PROVIDED RECORDS:
- - - -

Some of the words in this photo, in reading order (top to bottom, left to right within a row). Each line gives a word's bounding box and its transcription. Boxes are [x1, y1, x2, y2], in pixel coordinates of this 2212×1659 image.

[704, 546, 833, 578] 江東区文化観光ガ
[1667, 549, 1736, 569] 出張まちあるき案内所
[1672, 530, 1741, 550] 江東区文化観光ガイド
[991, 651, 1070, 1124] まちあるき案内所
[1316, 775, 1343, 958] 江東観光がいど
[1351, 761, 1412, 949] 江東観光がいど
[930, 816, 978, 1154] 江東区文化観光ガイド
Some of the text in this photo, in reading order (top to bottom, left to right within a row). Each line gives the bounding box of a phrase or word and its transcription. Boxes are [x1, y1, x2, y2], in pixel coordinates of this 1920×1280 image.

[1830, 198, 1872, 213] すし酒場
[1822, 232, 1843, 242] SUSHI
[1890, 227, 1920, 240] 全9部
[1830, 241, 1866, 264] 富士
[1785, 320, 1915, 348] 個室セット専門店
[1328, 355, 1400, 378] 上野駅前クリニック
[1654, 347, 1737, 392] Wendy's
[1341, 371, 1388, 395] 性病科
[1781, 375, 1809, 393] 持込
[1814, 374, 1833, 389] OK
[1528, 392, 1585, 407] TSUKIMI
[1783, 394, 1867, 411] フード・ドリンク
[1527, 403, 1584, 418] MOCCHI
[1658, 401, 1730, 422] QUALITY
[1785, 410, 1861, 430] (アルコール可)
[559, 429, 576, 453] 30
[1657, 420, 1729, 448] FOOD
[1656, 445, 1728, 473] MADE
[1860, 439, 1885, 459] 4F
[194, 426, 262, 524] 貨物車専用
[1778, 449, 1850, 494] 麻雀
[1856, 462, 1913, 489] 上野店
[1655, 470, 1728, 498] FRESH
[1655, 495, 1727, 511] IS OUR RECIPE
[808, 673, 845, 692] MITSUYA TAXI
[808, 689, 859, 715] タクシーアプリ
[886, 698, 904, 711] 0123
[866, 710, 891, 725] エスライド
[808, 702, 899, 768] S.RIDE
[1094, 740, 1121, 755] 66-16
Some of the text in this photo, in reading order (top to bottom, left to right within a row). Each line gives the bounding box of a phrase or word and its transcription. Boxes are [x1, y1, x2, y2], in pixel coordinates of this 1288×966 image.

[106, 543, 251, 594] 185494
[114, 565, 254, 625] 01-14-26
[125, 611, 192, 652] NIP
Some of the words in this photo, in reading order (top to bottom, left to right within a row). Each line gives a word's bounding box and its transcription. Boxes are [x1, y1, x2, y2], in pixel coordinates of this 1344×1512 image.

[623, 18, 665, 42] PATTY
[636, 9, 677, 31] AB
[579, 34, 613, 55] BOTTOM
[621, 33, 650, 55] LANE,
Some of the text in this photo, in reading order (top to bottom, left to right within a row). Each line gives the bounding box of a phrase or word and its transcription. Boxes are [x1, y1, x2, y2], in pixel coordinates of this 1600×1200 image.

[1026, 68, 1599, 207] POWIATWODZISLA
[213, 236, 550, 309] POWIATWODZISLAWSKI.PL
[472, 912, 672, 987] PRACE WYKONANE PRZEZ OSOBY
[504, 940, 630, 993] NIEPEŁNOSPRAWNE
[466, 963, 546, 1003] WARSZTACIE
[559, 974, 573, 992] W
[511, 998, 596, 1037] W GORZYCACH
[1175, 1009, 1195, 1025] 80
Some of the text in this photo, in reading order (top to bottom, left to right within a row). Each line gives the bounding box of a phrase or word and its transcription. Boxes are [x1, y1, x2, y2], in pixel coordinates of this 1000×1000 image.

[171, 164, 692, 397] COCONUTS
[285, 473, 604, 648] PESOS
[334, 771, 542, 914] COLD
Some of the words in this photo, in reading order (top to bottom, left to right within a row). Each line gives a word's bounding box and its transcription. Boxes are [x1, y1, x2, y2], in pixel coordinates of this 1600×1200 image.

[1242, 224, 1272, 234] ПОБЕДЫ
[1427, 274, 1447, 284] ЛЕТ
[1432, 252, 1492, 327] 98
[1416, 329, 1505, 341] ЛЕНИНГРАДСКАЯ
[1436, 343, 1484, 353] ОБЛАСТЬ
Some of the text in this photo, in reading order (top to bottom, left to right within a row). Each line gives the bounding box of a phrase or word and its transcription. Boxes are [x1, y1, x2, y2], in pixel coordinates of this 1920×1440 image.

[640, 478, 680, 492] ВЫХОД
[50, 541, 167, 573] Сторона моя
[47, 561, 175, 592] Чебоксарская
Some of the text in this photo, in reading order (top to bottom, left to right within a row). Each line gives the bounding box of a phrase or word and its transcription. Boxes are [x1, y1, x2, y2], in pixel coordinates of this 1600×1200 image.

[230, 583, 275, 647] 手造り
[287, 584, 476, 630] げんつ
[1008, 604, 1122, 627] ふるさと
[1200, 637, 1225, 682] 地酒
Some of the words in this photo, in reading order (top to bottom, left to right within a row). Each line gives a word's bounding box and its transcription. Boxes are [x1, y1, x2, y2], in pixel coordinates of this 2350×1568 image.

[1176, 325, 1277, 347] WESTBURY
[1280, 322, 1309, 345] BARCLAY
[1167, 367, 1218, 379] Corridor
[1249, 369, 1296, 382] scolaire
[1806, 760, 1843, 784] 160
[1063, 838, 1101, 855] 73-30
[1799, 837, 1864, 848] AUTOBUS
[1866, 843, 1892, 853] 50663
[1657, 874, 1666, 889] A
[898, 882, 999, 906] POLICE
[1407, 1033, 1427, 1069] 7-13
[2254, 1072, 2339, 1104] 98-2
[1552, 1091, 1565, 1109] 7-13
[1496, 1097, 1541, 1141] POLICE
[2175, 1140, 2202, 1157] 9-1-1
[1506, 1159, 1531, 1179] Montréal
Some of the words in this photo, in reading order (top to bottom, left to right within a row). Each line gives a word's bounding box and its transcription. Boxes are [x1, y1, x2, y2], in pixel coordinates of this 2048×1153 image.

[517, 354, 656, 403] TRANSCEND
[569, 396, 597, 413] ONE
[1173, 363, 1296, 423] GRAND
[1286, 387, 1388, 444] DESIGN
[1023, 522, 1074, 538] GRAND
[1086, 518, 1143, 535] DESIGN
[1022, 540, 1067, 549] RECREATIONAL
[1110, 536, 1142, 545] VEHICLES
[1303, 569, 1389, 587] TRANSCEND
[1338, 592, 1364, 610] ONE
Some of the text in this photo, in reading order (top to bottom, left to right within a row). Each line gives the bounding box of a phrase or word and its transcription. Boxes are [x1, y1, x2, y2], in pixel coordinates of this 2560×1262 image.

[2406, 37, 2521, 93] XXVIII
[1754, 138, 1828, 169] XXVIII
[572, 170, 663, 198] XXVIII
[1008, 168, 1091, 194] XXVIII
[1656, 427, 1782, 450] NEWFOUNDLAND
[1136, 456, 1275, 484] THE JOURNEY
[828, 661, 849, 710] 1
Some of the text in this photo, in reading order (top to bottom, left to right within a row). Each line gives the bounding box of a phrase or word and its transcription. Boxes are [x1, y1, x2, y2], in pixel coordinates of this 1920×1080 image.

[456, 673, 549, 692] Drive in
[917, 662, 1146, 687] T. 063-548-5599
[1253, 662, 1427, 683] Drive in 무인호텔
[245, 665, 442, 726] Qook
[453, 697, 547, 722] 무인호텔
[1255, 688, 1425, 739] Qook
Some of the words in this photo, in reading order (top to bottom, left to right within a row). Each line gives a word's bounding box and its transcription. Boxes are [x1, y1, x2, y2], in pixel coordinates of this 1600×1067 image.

- - - -

YOUR ASSIGNMENT:
In full and without alteration, repeat the records.

TASK RESULT:
Some of the words in this photo, in reading order (top to bottom, left to right within a row). Each line gives a word's bounding box and its transcription. Boxes are [x1, y1, x2, y2], in pixel coordinates of this 2212×1659 image.

[704, 546, 833, 578] 江東区文化観光ガ
[1667, 549, 1736, 569] 出張まちあるき案内所
[1672, 530, 1741, 550] 江東区文化観光ガイド
[991, 651, 1070, 1124] まちあるき案内所
[1316, 775, 1343, 958] 江東観光がいど
[1351, 761, 1412, 949] 江東観光がいど
[930, 816, 978, 1154] 江東区文化観光ガイド
Some of the text in this photo, in reading order (top to bottom, left to right within a row). Each line gives the bounding box of a phrase or word and its transcription. Boxes are [x1, y1, x2, y2], in pixel coordinates of this 1920×1280 image.

[1830, 198, 1872, 213] すし酒場
[1822, 232, 1843, 242] SUSHI
[1890, 227, 1920, 240] 全9部
[1830, 241, 1866, 264] 富士
[1785, 320, 1915, 348] 個室セット専門店
[1328, 355, 1400, 378] 上野駅前クリニック
[1654, 347, 1737, 392] Wendy's
[1341, 371, 1388, 395] 性病科
[1781, 375, 1809, 393] 持込
[1814, 374, 1833, 389] OK
[1528, 392, 1585, 407] TSUKIMI
[1783, 394, 1867, 411] フード・ドリンク
[1527, 403, 1584, 418] MOCCHI
[1658, 401, 1730, 422] QUALITY
[1785, 410, 1861, 430] (アルコール可)
[559, 429, 576, 453] 30
[1657, 420, 1729, 448] FOOD
[1656, 445, 1728, 473] MADE
[1860, 439, 1885, 459] 4F
[194, 426, 262, 524] 貨物車専用
[1778, 449, 1850, 494] 麻雀
[1856, 462, 1913, 489] 上野店
[1655, 470, 1728, 498] FRESH
[1655, 495, 1727, 511] IS OUR RECIPE
[808, 673, 845, 692] MITSUYA TAXI
[808, 689, 859, 715] タクシーアプリ
[886, 698, 904, 711] 0123
[866, 710, 891, 725] エスライド
[808, 702, 899, 768] S.RIDE
[1094, 740, 1121, 755] 66-16
Some of the text in this photo, in reading order (top to bottom, left to right within a row). Each line gives the bounding box of a phrase or word and its transcription. Boxes are [x1, y1, x2, y2], in pixel coordinates of this 1288×966 image.

[106, 543, 251, 594] 185494
[114, 565, 254, 625] 01-14-26
[125, 611, 192, 652] NIP
Some of the words in this photo, in reading order (top to bottom, left to right within a row). Each line gives a word's bounding box and its transcription. Boxes are [x1, y1, x2, y2], in pixel coordinates of this 1344×1512 image.

[623, 18, 665, 42] PATTY
[636, 9, 677, 31] AB
[579, 34, 613, 55] BOTTOM
[621, 33, 650, 55] LANE,
Some of the text in this photo, in reading order (top to bottom, left to right within a row). Each line gives the bounding box of a phrase or word and its transcription. Boxes are [x1, y1, x2, y2], in pixel coordinates of this 1600×1200 image.

[1026, 68, 1599, 207] POWIATWODZISLA
[213, 236, 550, 309] POWIATWODZISLAWSKI.PL
[472, 912, 672, 987] PRACE WYKONANE PRZEZ OSOBY
[504, 940, 630, 993] NIEPEŁNOSPRAWNE
[466, 963, 546, 1003] WARSZTACIE
[559, 974, 573, 992] W
[511, 998, 596, 1037] W GORZYCACH
[1175, 1009, 1195, 1025] 80
Some of the text in this photo, in reading order (top to bottom, left to right within a row). Each line gives the bounding box of a phrase or word and its transcription. Boxes are [x1, y1, x2, y2], in pixel coordinates of this 1000×1000 image.

[171, 164, 692, 397] COCONUTS
[285, 473, 604, 648] PESOS
[334, 771, 542, 914] COLD
Some of the words in this photo, in reading order (top to bottom, left to right within a row). Each line gives a word's bounding box and its transcription. Boxes are [x1, y1, x2, y2], in pixel coordinates of this 1600×1200 image.

[1242, 224, 1272, 234] ПОБЕДЫ
[1427, 274, 1447, 284] ЛЕТ
[1432, 252, 1492, 327] 98
[1416, 329, 1505, 341] ЛЕНИНГРАДСКАЯ
[1436, 343, 1484, 353] ОБЛАСТЬ
Some of the text in this photo, in reading order (top to bottom, left to right within a row). Each line gives the bounding box of a phrase or word and its transcription. Boxes are [x1, y1, x2, y2], in pixel coordinates of this 1920×1440 image.

[640, 478, 680, 492] ВЫХОД
[50, 541, 167, 573] Сторона моя
[47, 561, 175, 592] Чебоксарская
Some of the text in this photo, in reading order (top to bottom, left to right within a row). Each line gives the bounding box of a phrase or word and its transcription. Boxes are [x1, y1, x2, y2], in pixel coordinates of this 1600×1200 image.

[230, 583, 275, 647] 手造り
[287, 584, 476, 630] げんつ
[1008, 604, 1122, 627] ふるさと
[1200, 637, 1225, 682] 地酒
Some of the words in this photo, in reading order (top to bottom, left to right within a row). Each line gives a word's bounding box and its transcription. Boxes are [x1, y1, x2, y2], in pixel coordinates of this 2350×1568 image.

[1176, 325, 1277, 347] WESTBURY
[1280, 322, 1309, 345] BARCLAY
[1167, 367, 1218, 379] Corridor
[1249, 369, 1296, 382] scolaire
[1806, 760, 1843, 784] 160
[1063, 838, 1101, 855] 73-30
[1799, 837, 1864, 848] AUTOBUS
[1866, 843, 1892, 853] 50663
[1657, 874, 1666, 889] A
[898, 882, 999, 906] POLICE
[1407, 1033, 1427, 1069] 7-13
[2254, 1072, 2339, 1104] 98-2
[1552, 1091, 1565, 1109] 7-13
[1496, 1097, 1541, 1141] POLICE
[2175, 1140, 2202, 1157] 9-1-1
[1506, 1159, 1531, 1179] Montréal
Some of the words in this photo, in reading order (top to bottom, left to right within a row). Each line gives a word's bounding box and its transcription. Boxes are [x1, y1, x2, y2], in pixel coordinates of this 2048×1153 image.

[517, 354, 656, 403] TRANSCEND
[569, 396, 597, 413] ONE
[1173, 363, 1296, 423] GRAND
[1286, 387, 1388, 444] DESIGN
[1023, 522, 1074, 538] GRAND
[1086, 518, 1143, 535] DESIGN
[1022, 540, 1067, 549] RECREATIONAL
[1110, 536, 1142, 545] VEHICLES
[1303, 569, 1389, 587] TRANSCEND
[1338, 592, 1364, 610] ONE
Some of the text in this photo, in reading order (top to bottom, left to right within a row). Each line gives the bounding box of a phrase or word and its transcription. Boxes are [x1, y1, x2, y2], in pixel coordinates of this 2560×1262 image.

[2406, 37, 2521, 93] XXVIII
[1754, 138, 1828, 169] XXVIII
[572, 170, 663, 198] XXVIII
[1008, 168, 1091, 194] XXVIII
[1656, 427, 1782, 450] NEWFOUNDLAND
[1136, 456, 1275, 484] THE JOURNEY
[828, 661, 849, 710] 1
Some of the text in this photo, in reading order (top to bottom, left to right within a row). Each line gives the bounding box of a phrase or word and its transcription. Boxes are [x1, y1, x2, y2], in pixel coordinates of this 1920×1080 image.

[456, 673, 549, 692] Drive in
[917, 662, 1146, 687] T. 063-548-5599
[1253, 662, 1427, 683] Drive in 무인호텔
[245, 665, 442, 726] Qook
[453, 697, 547, 722] 무인호텔
[1255, 688, 1425, 739] Qook
Some of the words in this photo, in reading order (top to bottom, left to right within a row). Each line gives a word's bounding box and its transcription. Boxes are [x1, y1, x2, y2], in pixel coordinates of this 1600×1067 image.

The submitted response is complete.